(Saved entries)

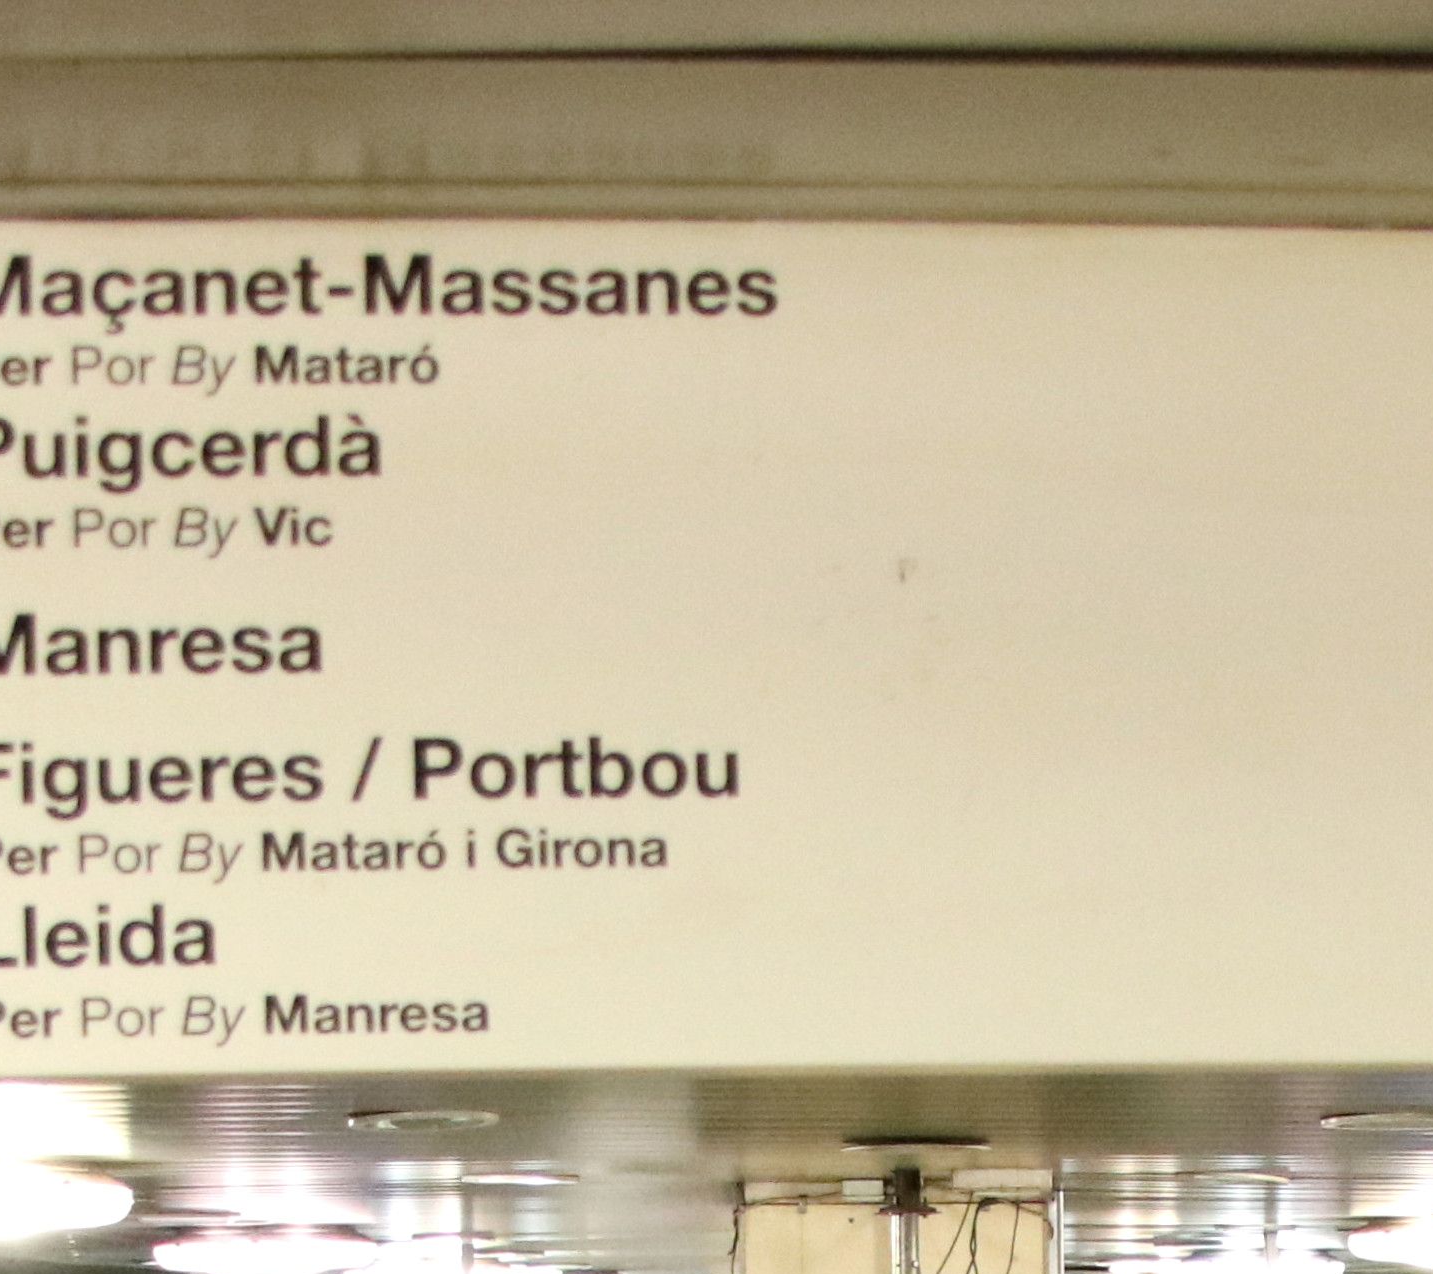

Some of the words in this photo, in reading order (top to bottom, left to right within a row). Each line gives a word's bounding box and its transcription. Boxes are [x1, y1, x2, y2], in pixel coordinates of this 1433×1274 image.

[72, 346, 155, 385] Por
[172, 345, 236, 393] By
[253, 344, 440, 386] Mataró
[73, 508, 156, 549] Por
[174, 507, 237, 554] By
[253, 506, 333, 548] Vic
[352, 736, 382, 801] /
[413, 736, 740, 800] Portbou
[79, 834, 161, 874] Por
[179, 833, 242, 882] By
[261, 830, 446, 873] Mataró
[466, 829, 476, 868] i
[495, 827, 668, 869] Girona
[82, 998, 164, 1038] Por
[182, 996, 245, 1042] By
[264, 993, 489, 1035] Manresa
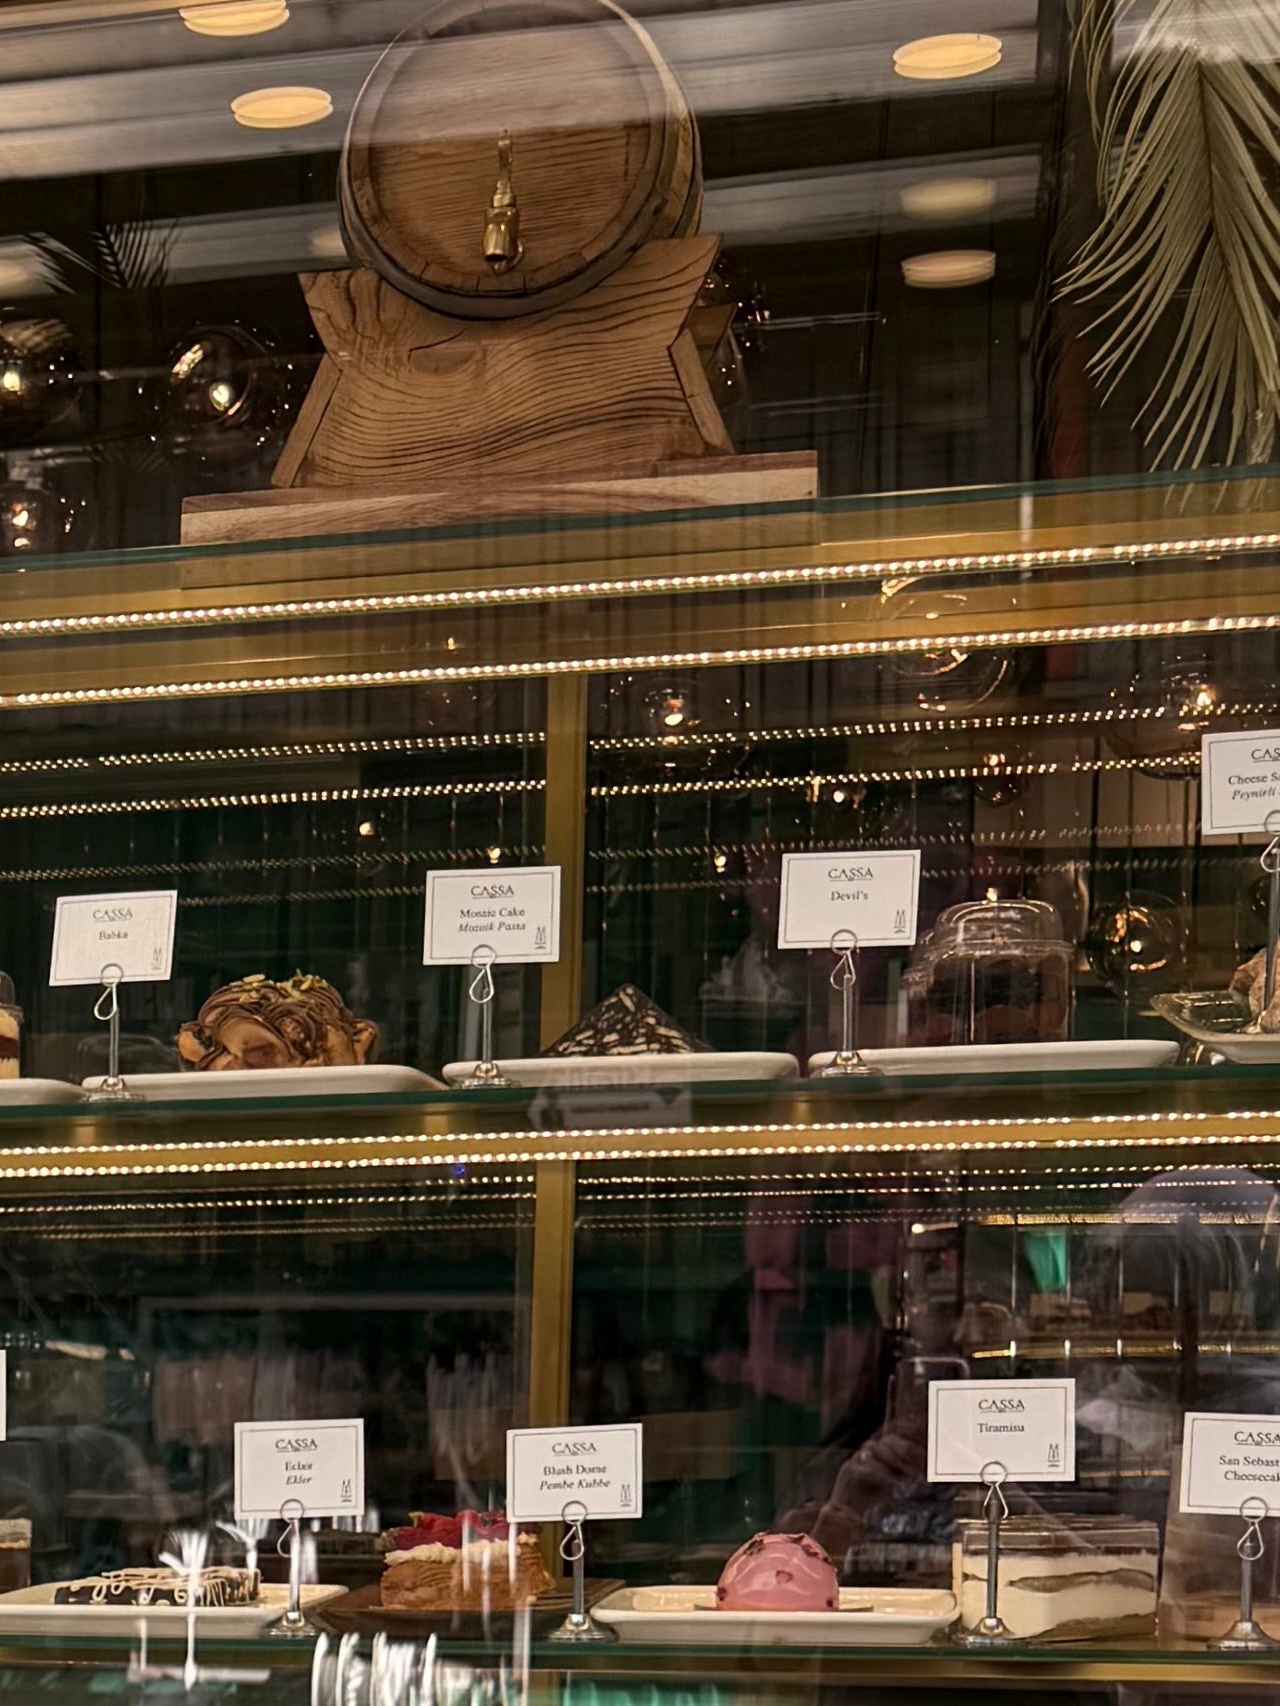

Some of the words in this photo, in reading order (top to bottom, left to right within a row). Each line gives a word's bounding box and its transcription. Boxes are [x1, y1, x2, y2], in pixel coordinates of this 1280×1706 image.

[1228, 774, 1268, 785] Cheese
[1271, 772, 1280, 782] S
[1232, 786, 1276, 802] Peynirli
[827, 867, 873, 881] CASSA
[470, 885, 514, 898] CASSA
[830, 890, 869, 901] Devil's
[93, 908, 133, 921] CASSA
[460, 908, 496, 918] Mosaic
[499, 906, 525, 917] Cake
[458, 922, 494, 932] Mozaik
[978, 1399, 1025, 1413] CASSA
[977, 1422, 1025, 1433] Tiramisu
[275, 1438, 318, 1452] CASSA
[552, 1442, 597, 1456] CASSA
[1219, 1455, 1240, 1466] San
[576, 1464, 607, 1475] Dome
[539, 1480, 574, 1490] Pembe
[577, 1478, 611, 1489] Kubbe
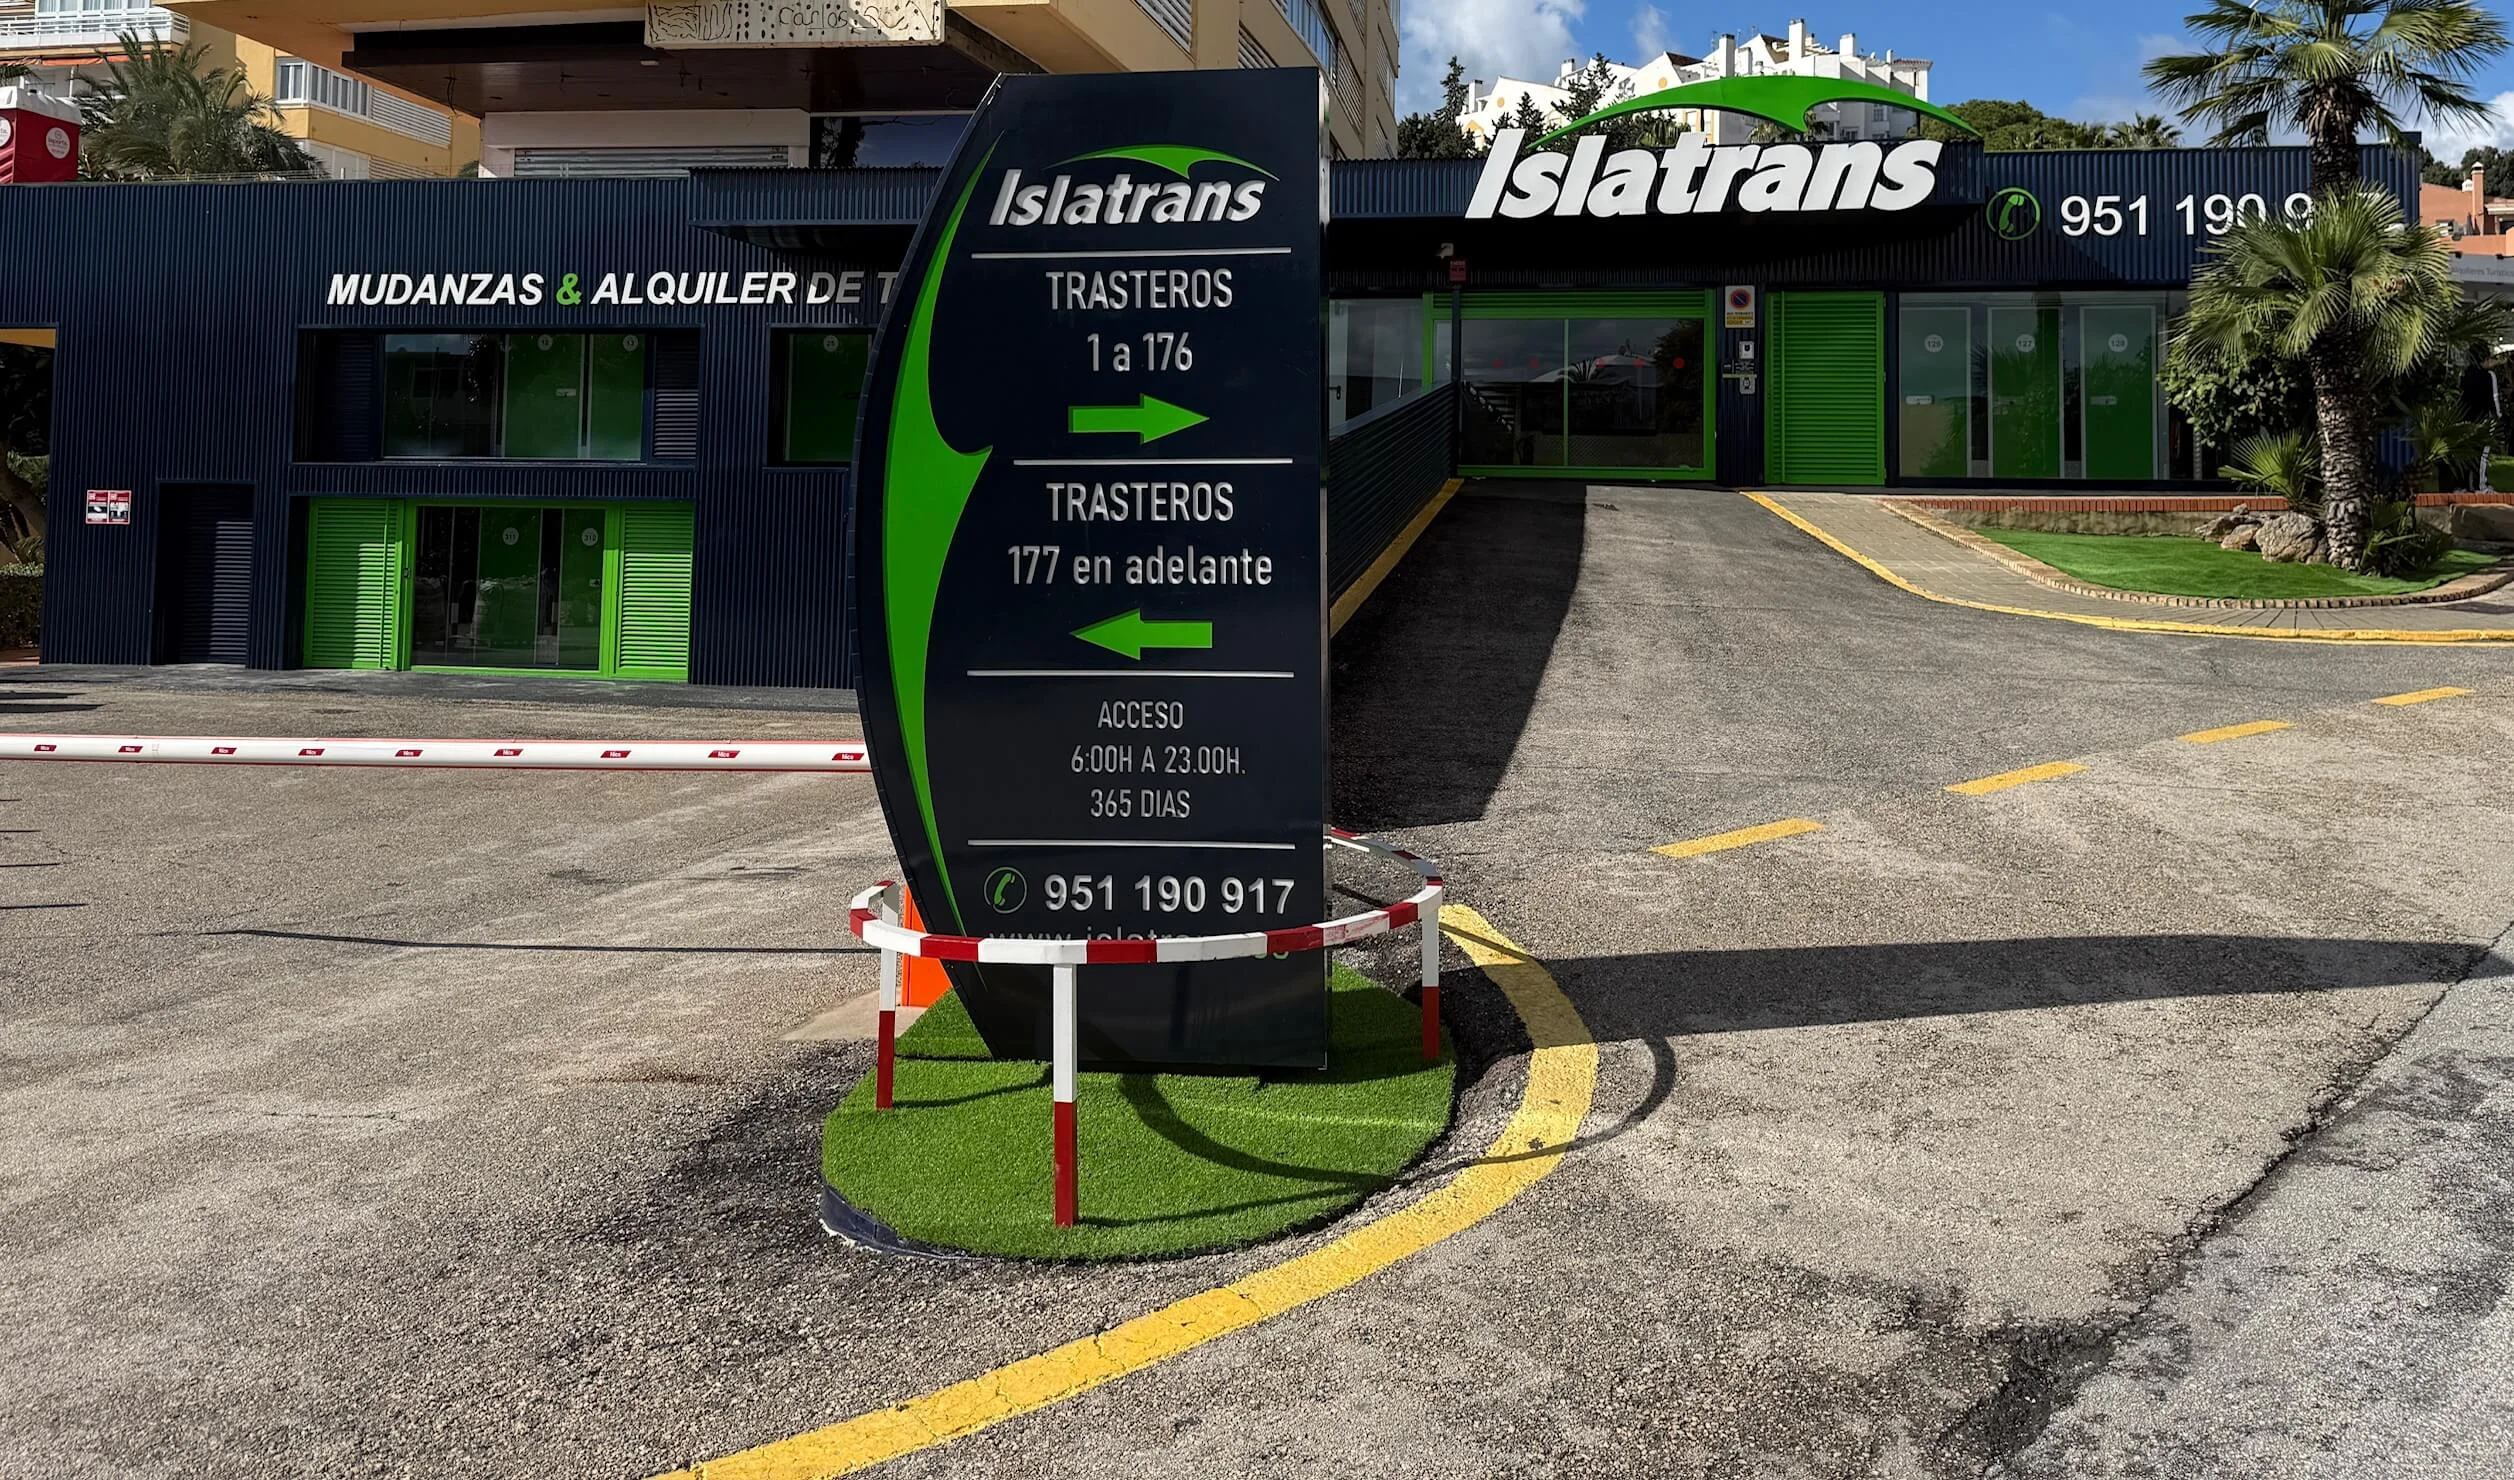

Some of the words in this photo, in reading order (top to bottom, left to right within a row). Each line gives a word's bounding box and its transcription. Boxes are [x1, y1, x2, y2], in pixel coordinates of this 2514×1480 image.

--- What the task asks ---
Nothing but the lines from the line holding "this 1280×1706 image." through the last line of the entries above is to be reproduced, exactly and without pictures.

--- Answer to the exercise ---
Some of the words in this photo, in reading order (top to bottom, left to right within a row). Each line gives a word's bounding box and its transcription. Boxes are [x1, y1, x2, y2], in pixel coordinates of this 1280×1706 image.

[1228, 774, 1268, 785] Cheese
[1271, 772, 1280, 782] S
[1232, 786, 1276, 802] Peynirli
[827, 867, 873, 881] CASSA
[470, 885, 514, 898] CASSA
[830, 890, 869, 901] Devil's
[93, 908, 133, 921] CASSA
[460, 908, 496, 918] Mosaic
[499, 906, 525, 917] Cake
[458, 922, 494, 932] Mozaik
[978, 1399, 1025, 1413] CASSA
[977, 1422, 1025, 1433] Tiramisu
[275, 1438, 318, 1452] CASSA
[552, 1442, 597, 1456] CASSA
[1219, 1455, 1240, 1466] San
[576, 1464, 607, 1475] Dome
[539, 1480, 574, 1490] Pembe
[577, 1478, 611, 1489] Kubbe

Some of the words in this photo, in reading order (top to bottom, left to right within a row). Each line gives a word's bounding box and its transcription. Boxes are [x1, y1, x2, y2], in pixel coordinates of this 2514×1480 image.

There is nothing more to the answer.